Ridge Gourd is a vegetable rich in proteins and vitamins. It belongs to the cucumber family and grows in sub-tropical vines native to eastern as well as central Asia. Foogath is the most commonly used cooking method by Mangaloreans and Goans to cook ridge gourd. In fact, I myself am still learning to use this vegetable in different ways!! When my green grocer is stocked with this long green vegetable, ridge gourd foogath is probably the only way I cook and my family enjoys it time and time again.

what is foogath/fugad?

Foogath/fugad is a Mangalorean/Goan style of cooking vegetables. Here the dish starts with a tempering (seasoning) of oil, mustard seeds, curry leaves and green chillies. Then the vegetables are added to the seasoning and finally topped with fresh coconut or unsweetened shredded coconut. In a Mangalorean or Goan home, you would eat foogath/fugad several times each week, just like how the people of Kerala would eat Thoran. Thoran is also a stir-fried vegetable dish from Kerala, prepared with similar ingredients except some cooks will include cumin seeds, garlic and turmeric, in addition to the standard Foogath ingredients, as mentioned in this recipe.
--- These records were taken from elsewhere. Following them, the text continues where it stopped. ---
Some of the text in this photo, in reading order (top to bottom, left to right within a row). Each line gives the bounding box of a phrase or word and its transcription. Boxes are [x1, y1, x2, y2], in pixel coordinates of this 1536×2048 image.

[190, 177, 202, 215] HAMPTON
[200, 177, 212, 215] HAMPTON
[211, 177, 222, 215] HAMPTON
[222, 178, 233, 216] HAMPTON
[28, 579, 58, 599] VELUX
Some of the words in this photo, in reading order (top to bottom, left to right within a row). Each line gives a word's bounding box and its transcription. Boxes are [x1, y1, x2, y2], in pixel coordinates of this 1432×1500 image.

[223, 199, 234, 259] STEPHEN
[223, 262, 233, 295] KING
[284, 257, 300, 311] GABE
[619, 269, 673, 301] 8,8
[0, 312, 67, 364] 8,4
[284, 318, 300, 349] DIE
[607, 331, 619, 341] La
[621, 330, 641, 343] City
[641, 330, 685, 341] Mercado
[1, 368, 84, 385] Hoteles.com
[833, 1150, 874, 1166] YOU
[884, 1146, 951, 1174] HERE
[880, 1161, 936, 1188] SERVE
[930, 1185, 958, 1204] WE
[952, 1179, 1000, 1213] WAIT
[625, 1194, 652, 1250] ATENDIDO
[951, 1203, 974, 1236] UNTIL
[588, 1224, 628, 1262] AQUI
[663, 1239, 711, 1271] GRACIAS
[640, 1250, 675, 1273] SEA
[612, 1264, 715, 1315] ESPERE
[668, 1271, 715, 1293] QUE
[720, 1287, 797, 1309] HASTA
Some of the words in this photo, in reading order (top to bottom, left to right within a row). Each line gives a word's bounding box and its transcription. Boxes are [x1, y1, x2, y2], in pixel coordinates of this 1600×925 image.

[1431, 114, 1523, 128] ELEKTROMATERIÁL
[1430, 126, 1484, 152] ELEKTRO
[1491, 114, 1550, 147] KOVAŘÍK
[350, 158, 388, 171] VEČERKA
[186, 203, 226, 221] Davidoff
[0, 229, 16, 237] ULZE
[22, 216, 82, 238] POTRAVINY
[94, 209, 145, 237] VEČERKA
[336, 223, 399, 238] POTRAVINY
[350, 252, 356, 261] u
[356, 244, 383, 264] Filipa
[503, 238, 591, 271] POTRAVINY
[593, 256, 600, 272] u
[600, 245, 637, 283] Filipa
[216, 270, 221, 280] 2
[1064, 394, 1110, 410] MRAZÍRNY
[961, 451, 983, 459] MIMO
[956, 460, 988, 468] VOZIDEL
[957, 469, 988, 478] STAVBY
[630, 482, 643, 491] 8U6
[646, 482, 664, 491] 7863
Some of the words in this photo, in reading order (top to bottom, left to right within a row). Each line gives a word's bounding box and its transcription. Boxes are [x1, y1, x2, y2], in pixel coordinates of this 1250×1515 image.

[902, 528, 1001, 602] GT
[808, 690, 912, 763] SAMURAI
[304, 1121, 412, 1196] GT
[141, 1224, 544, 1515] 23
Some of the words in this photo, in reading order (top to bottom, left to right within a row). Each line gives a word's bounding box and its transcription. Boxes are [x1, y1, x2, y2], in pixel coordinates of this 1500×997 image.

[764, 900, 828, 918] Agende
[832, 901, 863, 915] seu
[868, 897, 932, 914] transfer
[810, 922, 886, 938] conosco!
Mangaloreans being fish and meat eaters, had only one recipe for cooking vegetables, and this is it!!!! And here's the big bonus , it is a ‘No Frills” Foogath recipe that fits all the vegetables. Seriously, an uncomplicated recipe like this, rarely exists these days!!!

Foogath is my favourite side dish and is inspired by some of my favourite childhood memories of eating, home grown vegetables, including okra (bendan), raw cooking bananas, red spinach (thambdi bhaji) and ivy gourd (thendli).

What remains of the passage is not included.